- **Work instruction**: The full listing, reproduced exactly, is what the response must contain.

- **Data shown**:
[Start of section]

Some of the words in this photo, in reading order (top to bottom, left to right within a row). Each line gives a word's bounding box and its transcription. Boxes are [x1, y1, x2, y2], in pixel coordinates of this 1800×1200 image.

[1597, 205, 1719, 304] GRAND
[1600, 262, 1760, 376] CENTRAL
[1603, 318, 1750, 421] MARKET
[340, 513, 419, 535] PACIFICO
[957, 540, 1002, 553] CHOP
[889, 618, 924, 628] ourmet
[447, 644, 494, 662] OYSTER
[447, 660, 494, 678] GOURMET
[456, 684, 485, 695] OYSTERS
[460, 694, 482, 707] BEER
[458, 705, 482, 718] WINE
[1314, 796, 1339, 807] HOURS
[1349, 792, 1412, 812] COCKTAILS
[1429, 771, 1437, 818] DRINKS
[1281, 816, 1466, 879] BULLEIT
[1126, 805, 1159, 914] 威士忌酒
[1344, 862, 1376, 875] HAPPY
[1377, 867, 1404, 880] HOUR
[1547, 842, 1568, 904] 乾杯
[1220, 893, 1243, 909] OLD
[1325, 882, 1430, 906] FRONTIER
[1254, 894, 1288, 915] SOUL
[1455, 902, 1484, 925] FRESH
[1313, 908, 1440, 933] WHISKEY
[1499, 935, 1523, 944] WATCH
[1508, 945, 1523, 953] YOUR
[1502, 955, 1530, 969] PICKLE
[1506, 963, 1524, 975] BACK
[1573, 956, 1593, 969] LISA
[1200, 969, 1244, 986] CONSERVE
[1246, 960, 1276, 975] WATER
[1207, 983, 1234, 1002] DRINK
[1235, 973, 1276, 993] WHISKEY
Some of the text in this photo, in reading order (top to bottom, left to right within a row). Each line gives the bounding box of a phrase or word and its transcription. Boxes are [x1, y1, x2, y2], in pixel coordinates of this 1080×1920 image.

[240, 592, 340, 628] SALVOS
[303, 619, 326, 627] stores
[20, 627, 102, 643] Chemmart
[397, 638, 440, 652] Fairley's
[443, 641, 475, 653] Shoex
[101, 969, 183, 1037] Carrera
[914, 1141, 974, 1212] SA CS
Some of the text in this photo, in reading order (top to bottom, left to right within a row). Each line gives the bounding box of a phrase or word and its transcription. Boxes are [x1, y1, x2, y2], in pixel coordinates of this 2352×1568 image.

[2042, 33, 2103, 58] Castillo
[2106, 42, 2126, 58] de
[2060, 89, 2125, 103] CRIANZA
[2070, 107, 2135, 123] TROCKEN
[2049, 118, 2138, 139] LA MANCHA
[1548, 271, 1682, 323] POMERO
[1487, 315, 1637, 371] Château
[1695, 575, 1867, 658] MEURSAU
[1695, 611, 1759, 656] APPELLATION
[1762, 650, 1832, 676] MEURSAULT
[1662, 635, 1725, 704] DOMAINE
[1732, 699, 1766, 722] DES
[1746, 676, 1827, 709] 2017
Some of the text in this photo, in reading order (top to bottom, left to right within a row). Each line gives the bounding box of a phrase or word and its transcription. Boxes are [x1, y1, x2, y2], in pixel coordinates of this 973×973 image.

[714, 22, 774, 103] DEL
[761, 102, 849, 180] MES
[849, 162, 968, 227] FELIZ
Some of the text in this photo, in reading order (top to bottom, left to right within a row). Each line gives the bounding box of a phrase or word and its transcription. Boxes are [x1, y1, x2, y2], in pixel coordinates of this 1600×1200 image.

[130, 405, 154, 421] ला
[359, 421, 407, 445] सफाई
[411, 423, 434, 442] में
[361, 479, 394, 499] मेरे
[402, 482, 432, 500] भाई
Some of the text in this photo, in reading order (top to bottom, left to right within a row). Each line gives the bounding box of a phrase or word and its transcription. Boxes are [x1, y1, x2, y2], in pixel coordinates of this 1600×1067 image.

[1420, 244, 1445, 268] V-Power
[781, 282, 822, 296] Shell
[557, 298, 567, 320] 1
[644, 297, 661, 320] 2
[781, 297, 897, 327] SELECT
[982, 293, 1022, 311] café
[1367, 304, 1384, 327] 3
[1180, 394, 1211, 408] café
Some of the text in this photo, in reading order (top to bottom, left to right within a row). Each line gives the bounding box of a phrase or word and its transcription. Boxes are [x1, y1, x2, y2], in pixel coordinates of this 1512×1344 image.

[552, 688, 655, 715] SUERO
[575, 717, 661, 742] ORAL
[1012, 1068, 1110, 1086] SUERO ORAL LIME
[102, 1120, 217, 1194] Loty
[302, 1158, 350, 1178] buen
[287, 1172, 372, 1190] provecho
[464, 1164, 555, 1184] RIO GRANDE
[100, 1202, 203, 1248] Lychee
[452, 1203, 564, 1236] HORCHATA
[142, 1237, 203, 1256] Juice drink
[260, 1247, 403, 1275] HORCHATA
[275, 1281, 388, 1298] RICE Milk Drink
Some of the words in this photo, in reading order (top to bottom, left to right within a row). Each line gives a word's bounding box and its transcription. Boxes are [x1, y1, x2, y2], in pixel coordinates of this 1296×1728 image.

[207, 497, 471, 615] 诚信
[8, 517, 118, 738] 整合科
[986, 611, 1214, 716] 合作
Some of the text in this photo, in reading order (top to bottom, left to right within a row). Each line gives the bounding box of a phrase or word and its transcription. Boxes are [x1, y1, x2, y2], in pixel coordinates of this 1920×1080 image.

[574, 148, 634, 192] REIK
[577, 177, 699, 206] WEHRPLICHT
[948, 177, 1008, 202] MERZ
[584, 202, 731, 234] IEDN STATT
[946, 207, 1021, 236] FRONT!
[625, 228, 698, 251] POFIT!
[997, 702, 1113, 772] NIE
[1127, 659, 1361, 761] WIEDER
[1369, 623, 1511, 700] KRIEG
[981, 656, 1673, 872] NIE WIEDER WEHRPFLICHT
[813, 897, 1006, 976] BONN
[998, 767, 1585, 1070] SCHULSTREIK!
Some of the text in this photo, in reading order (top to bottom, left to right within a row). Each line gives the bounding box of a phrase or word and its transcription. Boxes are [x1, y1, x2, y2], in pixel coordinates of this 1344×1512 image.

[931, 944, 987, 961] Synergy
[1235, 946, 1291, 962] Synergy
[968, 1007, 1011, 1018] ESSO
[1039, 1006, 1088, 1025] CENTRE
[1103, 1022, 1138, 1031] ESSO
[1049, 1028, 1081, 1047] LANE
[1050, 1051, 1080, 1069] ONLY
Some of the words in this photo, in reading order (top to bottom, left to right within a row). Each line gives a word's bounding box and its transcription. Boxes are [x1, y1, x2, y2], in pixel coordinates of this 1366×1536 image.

[End of section]

- **Solution to the exercise**:
Some of the words in this photo, in reading order (top to bottom, left to right within a row). Each line gives a word's bounding box and its transcription. Boxes are [x1, y1, x2, y2], in pixel coordinates of this 1800×1200 image.

[1597, 205, 1719, 304] GRAND
[1600, 262, 1760, 376] CENTRAL
[1603, 318, 1750, 421] MARKET
[340, 513, 419, 535] PACIFICO
[957, 540, 1002, 553] CHOP
[889, 618, 924, 628] ourmet
[447, 644, 494, 662] OYSTER
[447, 660, 494, 678] GOURMET
[456, 684, 485, 695] OYSTERS
[460, 694, 482, 707] BEER
[458, 705, 482, 718] WINE
[1314, 796, 1339, 807] HOURS
[1349, 792, 1412, 812] COCKTAILS
[1429, 771, 1437, 818] DRINKS
[1281, 816, 1466, 879] BULLEIT
[1126, 805, 1159, 914] 威士忌酒
[1344, 862, 1376, 875] HAPPY
[1377, 867, 1404, 880] HOUR
[1547, 842, 1568, 904] 乾杯
[1220, 893, 1243, 909] OLD
[1325, 882, 1430, 906] FRONTIER
[1254, 894, 1288, 915] SOUL
[1455, 902, 1484, 925] FRESH
[1313, 908, 1440, 933] WHISKEY
[1499, 935, 1523, 944] WATCH
[1508, 945, 1523, 953] YOUR
[1502, 955, 1530, 969] PICKLE
[1506, 963, 1524, 975] BACK
[1573, 956, 1593, 969] LISA
[1200, 969, 1244, 986] CONSERVE
[1246, 960, 1276, 975] WATER
[1207, 983, 1234, 1002] DRINK
[1235, 973, 1276, 993] WHISKEY
Some of the text in this photo, in reading order (top to bottom, left to right within a row). Each line gives the bounding box of a phrase or word and its transcription. Boxes are [x1, y1, x2, y2], in pixel coordinates of this 1080×1920 image.

[240, 592, 340, 628] SALVOS
[303, 619, 326, 627] stores
[20, 627, 102, 643] Chemmart
[397, 638, 440, 652] Fairley's
[443, 641, 475, 653] Shoex
[101, 969, 183, 1037] Carrera
[914, 1141, 974, 1212] SA CS
Some of the text in this photo, in reading order (top to bottom, left to right within a row). Each line gives the bounding box of a phrase or word and its transcription. Boxes are [x1, y1, x2, y2], in pixel coordinates of this 2352×1568 image.

[2042, 33, 2103, 58] Castillo
[2106, 42, 2126, 58] de
[2060, 89, 2125, 103] CRIANZA
[2070, 107, 2135, 123] TROCKEN
[2049, 118, 2138, 139] LA MANCHA
[1548, 271, 1682, 323] POMERO
[1487, 315, 1637, 371] Château
[1695, 575, 1867, 658] MEURSAU
[1695, 611, 1759, 656] APPELLATION
[1762, 650, 1832, 676] MEURSAULT
[1662, 635, 1725, 704] DOMAINE
[1732, 699, 1766, 722] DES
[1746, 676, 1827, 709] 2017
Some of the text in this photo, in reading order (top to bottom, left to right within a row). Each line gives the bounding box of a phrase or word and its transcription. Boxes are [x1, y1, x2, y2], in pixel coordinates of this 973×973 image.

[714, 22, 774, 103] DEL
[761, 102, 849, 180] MES
[849, 162, 968, 227] FELIZ
Some of the text in this photo, in reading order (top to bottom, left to right within a row). Each line gives the bounding box of a phrase or word and its transcription. Boxes are [x1, y1, x2, y2], in pixel coordinates of this 1600×1200 image.

[130, 405, 154, 421] ला
[359, 421, 407, 445] सफाई
[411, 423, 434, 442] में
[361, 479, 394, 499] मेरे
[402, 482, 432, 500] भाई
Some of the text in this photo, in reading order (top to bottom, left to right within a row). Each line gives the bounding box of a phrase or word and its transcription. Boxes are [x1, y1, x2, y2], in pixel coordinates of this 1600×1067 image.

[1420, 244, 1445, 268] V-Power
[781, 282, 822, 296] Shell
[557, 298, 567, 320] 1
[644, 297, 661, 320] 2
[781, 297, 897, 327] SELECT
[982, 293, 1022, 311] café
[1367, 304, 1384, 327] 3
[1180, 394, 1211, 408] café
Some of the text in this photo, in reading order (top to bottom, left to right within a row). Each line gives the bounding box of a phrase or word and its transcription. Boxes are [x1, y1, x2, y2], in pixel coordinates of this 1512×1344 image.

[552, 688, 655, 715] SUERO
[575, 717, 661, 742] ORAL
[1012, 1068, 1110, 1086] SUERO ORAL LIME
[102, 1120, 217, 1194] Loty
[302, 1158, 350, 1178] buen
[287, 1172, 372, 1190] provecho
[464, 1164, 555, 1184] RIO GRANDE
[100, 1202, 203, 1248] Lychee
[452, 1203, 564, 1236] HORCHATA
[142, 1237, 203, 1256] Juice drink
[260, 1247, 403, 1275] HORCHATA
[275, 1281, 388, 1298] RICE Milk Drink
Some of the words in this photo, in reading order (top to bottom, left to right within a row). Each line gives a word's bounding box and its transcription. Boxes are [x1, y1, x2, y2], in pixel coordinates of this 1296×1728 image.

[207, 497, 471, 615] 诚信
[8, 517, 118, 738] 整合科
[986, 611, 1214, 716] 合作
Some of the text in this photo, in reading order (top to bottom, left to right within a row). Each line gives the bounding box of a phrase or word and its transcription. Boxes are [x1, y1, x2, y2], in pixel coordinates of this 1920×1080 image.

[574, 148, 634, 192] REIK
[577, 177, 699, 206] WEHRPLICHT
[948, 177, 1008, 202] MERZ
[584, 202, 731, 234] IEDN STATT
[946, 207, 1021, 236] FRONT!
[625, 228, 698, 251] POFIT!
[997, 702, 1113, 772] NIE
[1127, 659, 1361, 761] WIEDER
[1369, 623, 1511, 700] KRIEG
[981, 656, 1673, 872] NIE WIEDER WEHRPFLICHT
[813, 897, 1006, 976] BONN
[998, 767, 1585, 1070] SCHULSTREIK!
Some of the text in this photo, in reading order (top to bottom, left to right within a row). Each line gives the bounding box of a phrase or word and its transcription. Boxes are [x1, y1, x2, y2], in pixel coordinates of this 1344×1512 image.

[931, 944, 987, 961] Synergy
[1235, 946, 1291, 962] Synergy
[968, 1007, 1011, 1018] ESSO
[1039, 1006, 1088, 1025] CENTRE
[1103, 1022, 1138, 1031] ESSO
[1049, 1028, 1081, 1047] LANE
[1050, 1051, 1080, 1069] ONLY
Some of the words in this photo, in reading order (top to bottom, left to right within a row). Each line gives a word's bounding box and its transcription. Boxes are [x1, y1, x2, y2], in pixel coordinates of this 1366×1536 image.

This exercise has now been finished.